And btw, I agree with everything in the video. I don't know how you can find statements #2 and #3 above "unjustified"; the whole video was justification for those conclusions.
My 2nd criticism of 2 was that "We can invest in things we can never know. But to do that is nonsensical" makes a normative statement about a descriptive option which would require a normative system to make that judgement. Morality is the subject that best fits the category "things we can never know". Hence it invests in something it cannot know to refute investing in something it cannot know. (This criticism assumes the author cannot know the answer to the important question "What ought one do?")
There will always be certain moral dilemmas without a clear right or wrong solution, but I think there is enough that virtually everyone can agree on that I would not group the whole subject of morality into "things we can never know." That murder is wrong is about as clear as the sky being blue, for example.
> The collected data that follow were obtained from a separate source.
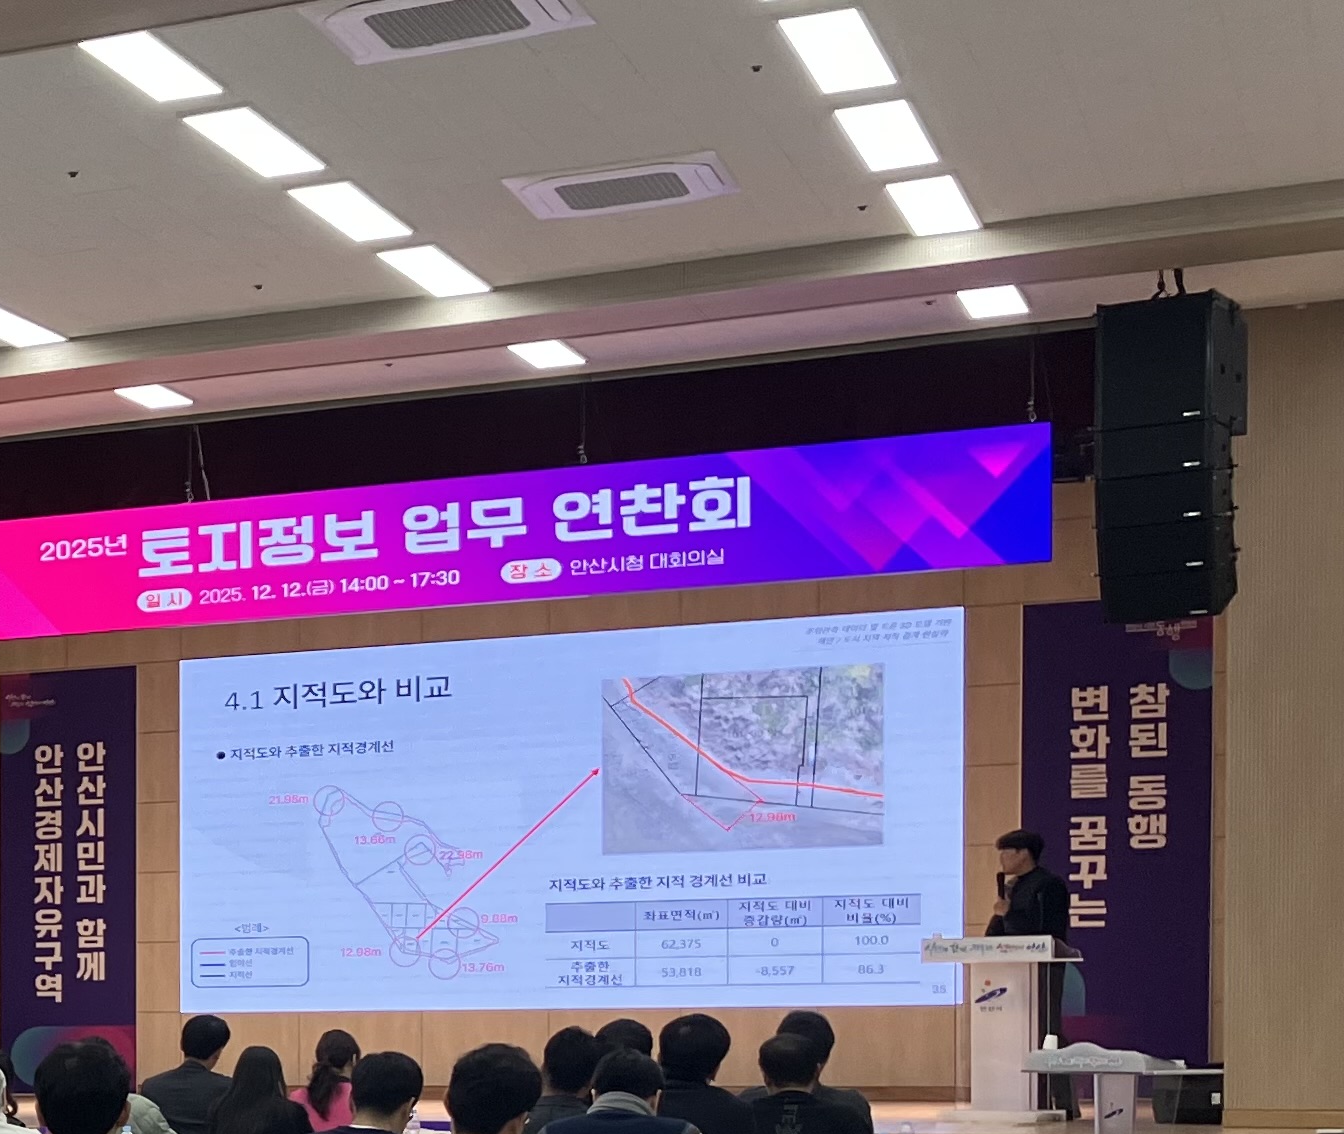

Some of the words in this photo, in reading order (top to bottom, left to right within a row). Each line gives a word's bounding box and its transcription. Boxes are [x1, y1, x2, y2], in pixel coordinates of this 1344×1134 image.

[39, 533, 128, 562] 2025년
[138, 510, 379, 578] 토지정보
[402, 497, 527, 554] 업무
[552, 476, 751, 542] 연찬회
[570, 555, 644, 577] 안산시청
[650, 548, 725, 571] 대회의실
[199, 587, 247, 605] 2025.
[252, 585, 277, 601] 12.
[339, 575, 389, 594] 14:00
[411, 570, 460, 588] 17:30
[224, 690, 264, 711] 4.1
[273, 677, 387, 710] 지적도와
[395, 675, 452, 702] 비교
[1129, 682, 1170, 758] 참된
[230, 746, 282, 760] 지적도와
[285, 743, 324, 758] 추출한
[328, 740, 394, 756] 지적경계선
[1070, 685, 1110, 799] 변화를
[76, 741, 106, 904] 안산시민과
[1128, 774, 1167, 849] 동행
[34, 744, 63, 1003] 안산경제자유구역
[549, 878, 606, 892] 지적도와
[609, 876, 652, 890] 추출한
[656, 875, 685, 889] 지적
[689, 873, 733, 888] 경계선
[737, 873, 767, 887] 비교
[1069, 815, 1107, 928] 꿈꾸는
[739, 900, 779, 912] 지적도
[785, 899, 812, 911] 대비
[834, 898, 875, 910] 지적도
[881, 897, 910, 909] 대비
[847, 912, 897, 924] 비율(%)
[76, 919, 106, 981] 함께
[571, 939, 610, 951] 지적도
[661, 939, 702, 951] 62,375
[855, 935, 889, 946] 100.0
[558, 974, 623, 986] 지적경계선
[571, 960, 610, 972] 추출한
Making Pascal's wager also seems pretty clearly absurd to me -- not based on any system of morality but based on rationality.
All normative objects have 2 definitions:
A normative definition describing the moral character and a descriptive definition describing what the object is.
Murder is commonly defined by a universally accepted normative definition: "Wrongful killing."
However Murder does not have a universally accepted descriptive definition. Usually it revolves around unresolved questions like: "What can be wrongfully killed?" "What factors can justify killing?" ...
Murder, the most important aspect (from past humans' points of view) of the important question, has not yet be rescued from "things we do not know" why would you claim that morality as a whole is not still inside that category?